» **WHAT YOU SHOULD DO**
Only what runs from the line with "this 2048×1152 image." to the final line of the records below should be given again, word for word.
★ ★ ★ ★ ★
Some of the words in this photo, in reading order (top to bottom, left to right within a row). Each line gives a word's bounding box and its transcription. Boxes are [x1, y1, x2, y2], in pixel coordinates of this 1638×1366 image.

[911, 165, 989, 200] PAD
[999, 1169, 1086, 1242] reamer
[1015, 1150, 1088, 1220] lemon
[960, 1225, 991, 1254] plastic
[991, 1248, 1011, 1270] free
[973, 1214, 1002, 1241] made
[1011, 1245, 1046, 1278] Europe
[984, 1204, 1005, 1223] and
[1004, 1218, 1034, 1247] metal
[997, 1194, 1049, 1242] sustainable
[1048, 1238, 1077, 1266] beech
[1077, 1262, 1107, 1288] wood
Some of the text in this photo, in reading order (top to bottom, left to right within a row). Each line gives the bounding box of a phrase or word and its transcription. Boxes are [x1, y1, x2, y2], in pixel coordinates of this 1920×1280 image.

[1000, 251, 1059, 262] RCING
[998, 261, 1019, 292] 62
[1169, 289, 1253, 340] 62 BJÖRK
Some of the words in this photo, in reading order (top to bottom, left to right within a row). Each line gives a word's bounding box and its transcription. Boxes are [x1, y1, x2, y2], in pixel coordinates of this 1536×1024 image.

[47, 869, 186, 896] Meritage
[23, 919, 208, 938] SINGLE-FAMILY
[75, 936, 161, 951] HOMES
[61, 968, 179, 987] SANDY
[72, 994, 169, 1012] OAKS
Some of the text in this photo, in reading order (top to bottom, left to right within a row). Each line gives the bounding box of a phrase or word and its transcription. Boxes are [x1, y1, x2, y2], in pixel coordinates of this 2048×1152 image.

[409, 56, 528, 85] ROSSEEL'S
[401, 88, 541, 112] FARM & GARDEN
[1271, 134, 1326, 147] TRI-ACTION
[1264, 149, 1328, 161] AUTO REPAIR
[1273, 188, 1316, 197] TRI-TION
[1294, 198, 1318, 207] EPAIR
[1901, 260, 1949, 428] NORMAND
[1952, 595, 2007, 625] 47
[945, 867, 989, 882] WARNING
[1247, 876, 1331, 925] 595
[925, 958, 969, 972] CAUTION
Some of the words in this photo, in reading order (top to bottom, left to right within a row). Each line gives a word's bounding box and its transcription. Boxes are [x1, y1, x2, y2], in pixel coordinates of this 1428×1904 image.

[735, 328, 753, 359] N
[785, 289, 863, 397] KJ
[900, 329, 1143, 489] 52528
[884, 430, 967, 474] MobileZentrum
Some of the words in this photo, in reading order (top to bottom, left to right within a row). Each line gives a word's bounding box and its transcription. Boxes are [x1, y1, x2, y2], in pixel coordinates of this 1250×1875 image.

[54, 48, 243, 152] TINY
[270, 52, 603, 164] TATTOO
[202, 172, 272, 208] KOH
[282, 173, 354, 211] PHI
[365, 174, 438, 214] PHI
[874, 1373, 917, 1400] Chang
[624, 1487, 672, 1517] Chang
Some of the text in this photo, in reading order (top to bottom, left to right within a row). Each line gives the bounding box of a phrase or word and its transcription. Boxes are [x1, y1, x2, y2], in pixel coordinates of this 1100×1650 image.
★ ★ ★ ★ ★
» **RESULT BELOW**
Some of the text in this photo, in reading order (top to bottom, left to right within a row). Each line gives the bounding box of a phrase or word and its transcription. Boxes are [x1, y1, x2, y2], in pixel coordinates of this 2048×1152 image.

[409, 56, 528, 85] ROSSEEL'S
[401, 88, 541, 112] FARM & GARDEN
[1271, 134, 1326, 147] TRI-ACTION
[1264, 149, 1328, 161] AUTO REPAIR
[1273, 188, 1316, 197] TRI-TION
[1294, 198, 1318, 207] EPAIR
[1901, 260, 1949, 428] NORMAND
[1952, 595, 2007, 625] 47
[945, 867, 989, 882] WARNING
[1247, 876, 1331, 925] 595
[925, 958, 969, 972] CAUTION
Some of the words in this photo, in reading order (top to bottom, left to right within a row). Each line gives a word's bounding box and its transcription. Boxes are [x1, y1, x2, y2], in pixel coordinates of this 1428×1904 image.

[735, 328, 753, 359] N
[785, 289, 863, 397] KJ
[900, 329, 1143, 489] 52528
[884, 430, 967, 474] MobileZentrum
Some of the words in this photo, in reading order (top to bottom, left to right within a row). Each line gives a word's bounding box and its transcription. Boxes are [x1, y1, x2, y2], in pixel coordinates of this 1250×1875 image.

[54, 48, 243, 152] TINY
[270, 52, 603, 164] TATTOO
[202, 172, 272, 208] KOH
[282, 173, 354, 211] PHI
[365, 174, 438, 214] PHI
[874, 1373, 917, 1400] Chang
[624, 1487, 672, 1517] Chang
Some of the text in this photo, in reading order (top to bottom, left to right within a row). Each line gives the bounding box of a phrase or word and its transcription. Boxes are [x1, y1, x2, y2], in pixel coordinates of this 1100×1650 image.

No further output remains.